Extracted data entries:
--*--

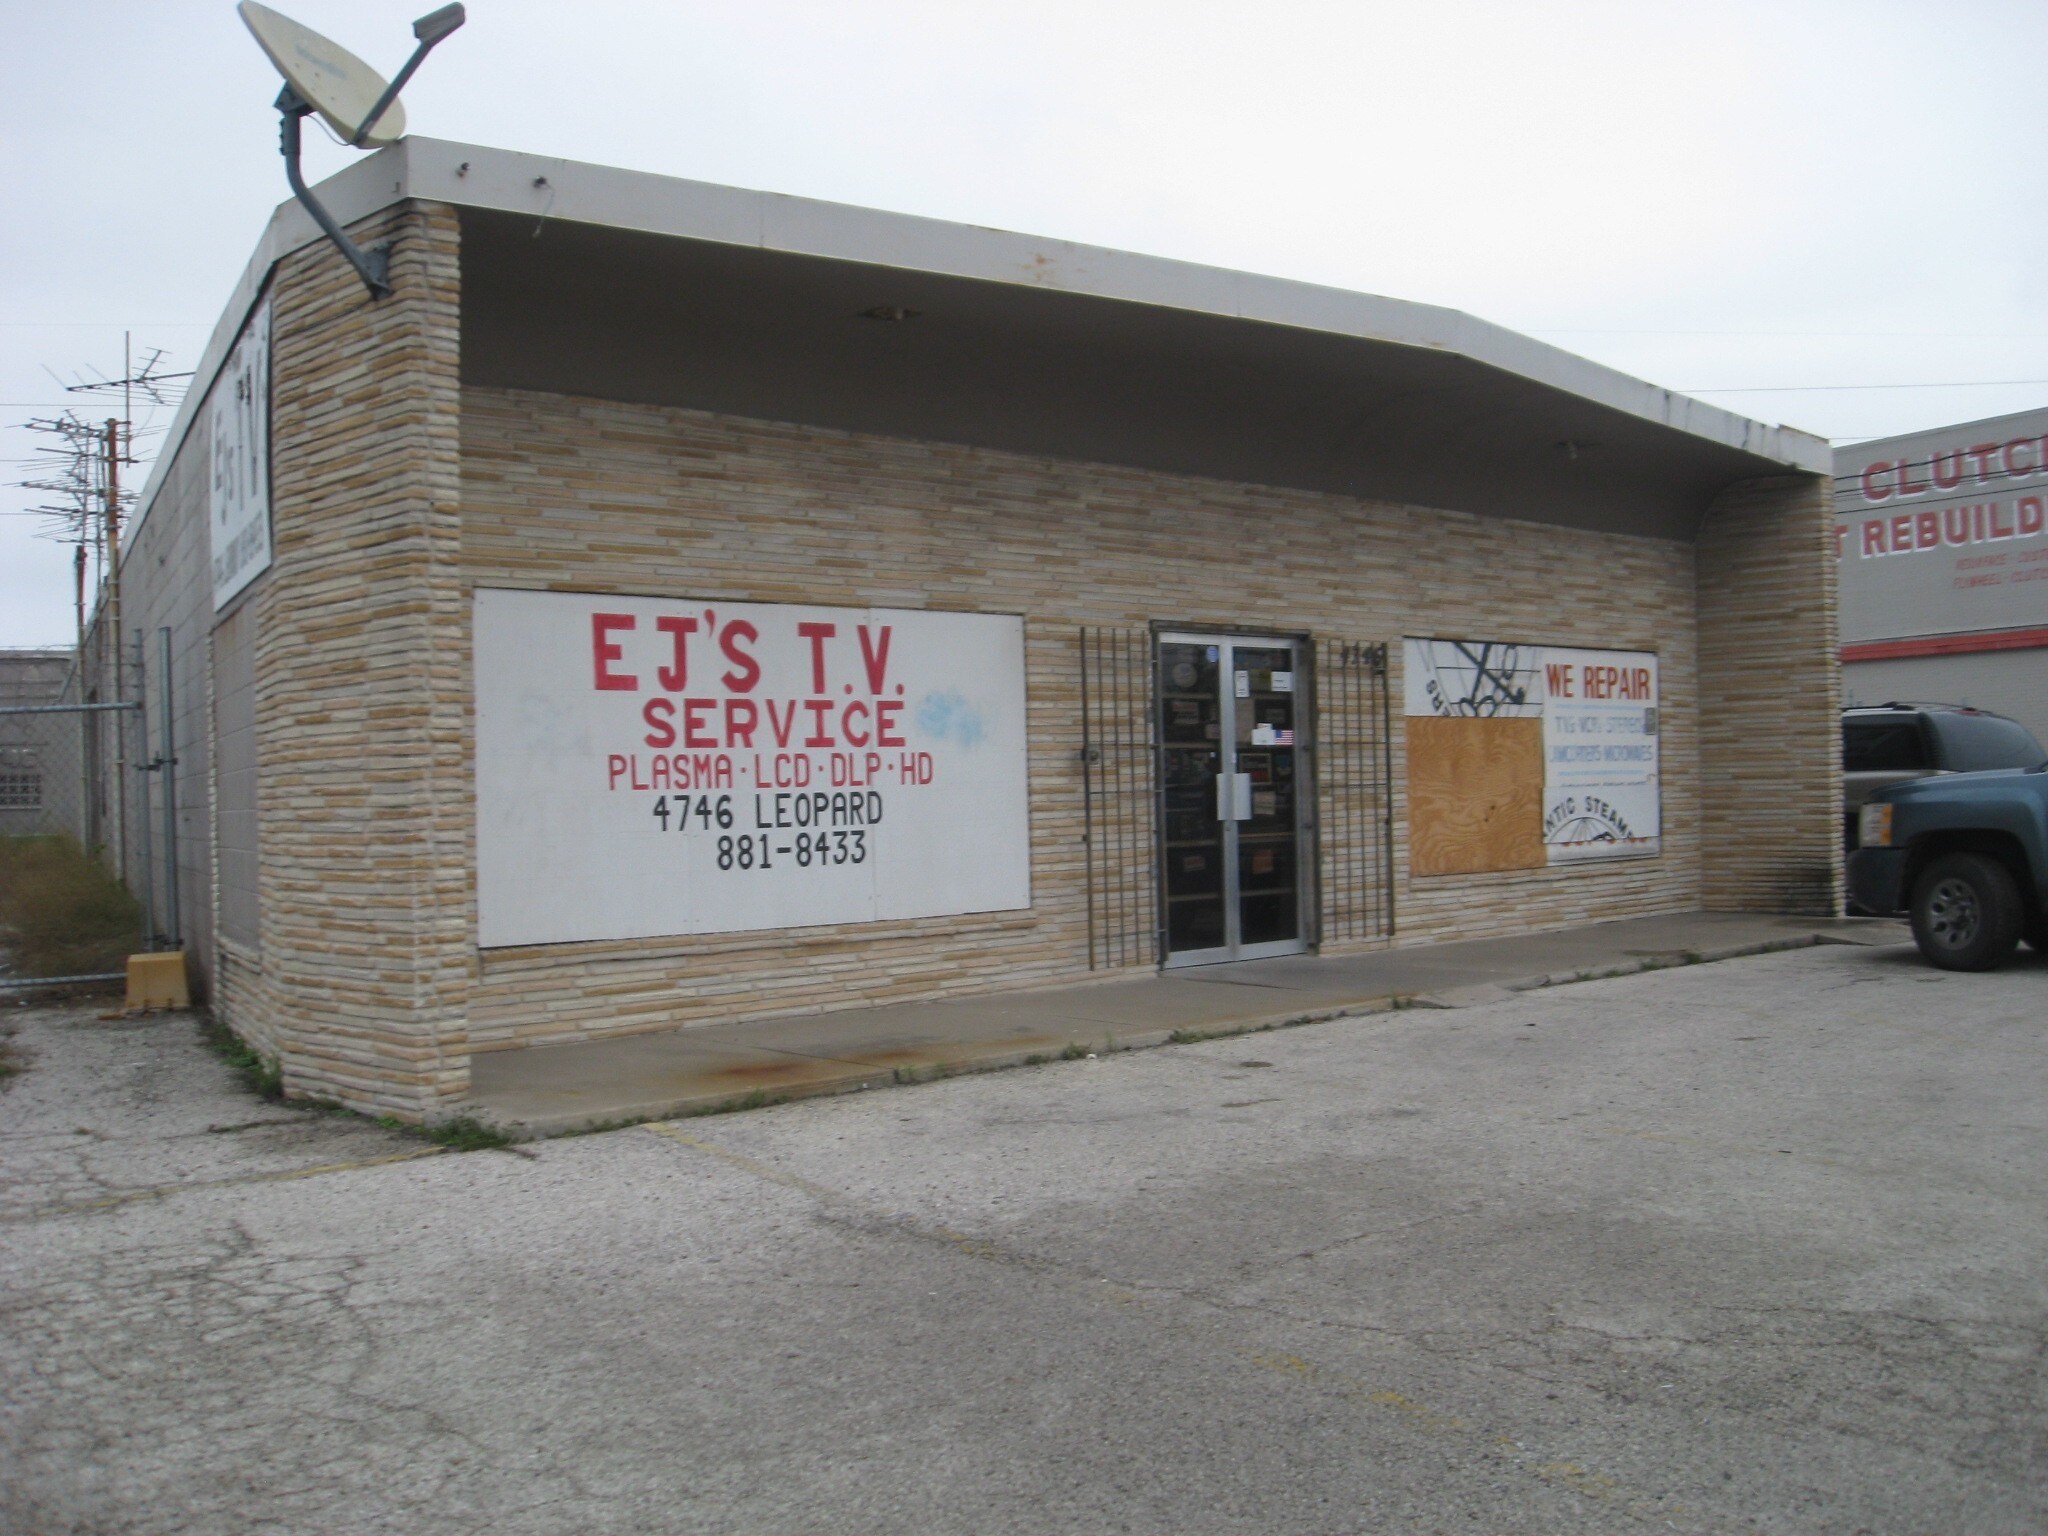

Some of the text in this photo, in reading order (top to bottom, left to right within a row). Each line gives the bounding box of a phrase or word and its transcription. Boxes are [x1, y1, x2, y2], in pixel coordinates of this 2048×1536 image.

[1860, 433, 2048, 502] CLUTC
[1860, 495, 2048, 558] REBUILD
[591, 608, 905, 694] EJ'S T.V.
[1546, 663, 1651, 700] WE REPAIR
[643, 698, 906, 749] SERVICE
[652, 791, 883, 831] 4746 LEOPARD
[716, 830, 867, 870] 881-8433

--*--

### WHAT IS NEEDED
Return every line above exactly, omitting images.

### RESPONSE AREA
Some of the text in this photo, in reading order (top to bottom, left to right within a row). Each line gives the bounding box of a phrase or word and its transcription. Boxes are [x1, y1, x2, y2], in pixel coordinates of this 2048×1536 image.

[1860, 433, 2048, 502] CLUTC
[1860, 495, 2048, 558] REBUILD
[591, 608, 905, 694] EJ'S T.V.
[1546, 663, 1651, 700] WE REPAIR
[643, 698, 906, 749] SERVICE
[652, 791, 883, 831] 4746 LEOPARD
[716, 830, 867, 870] 881-8433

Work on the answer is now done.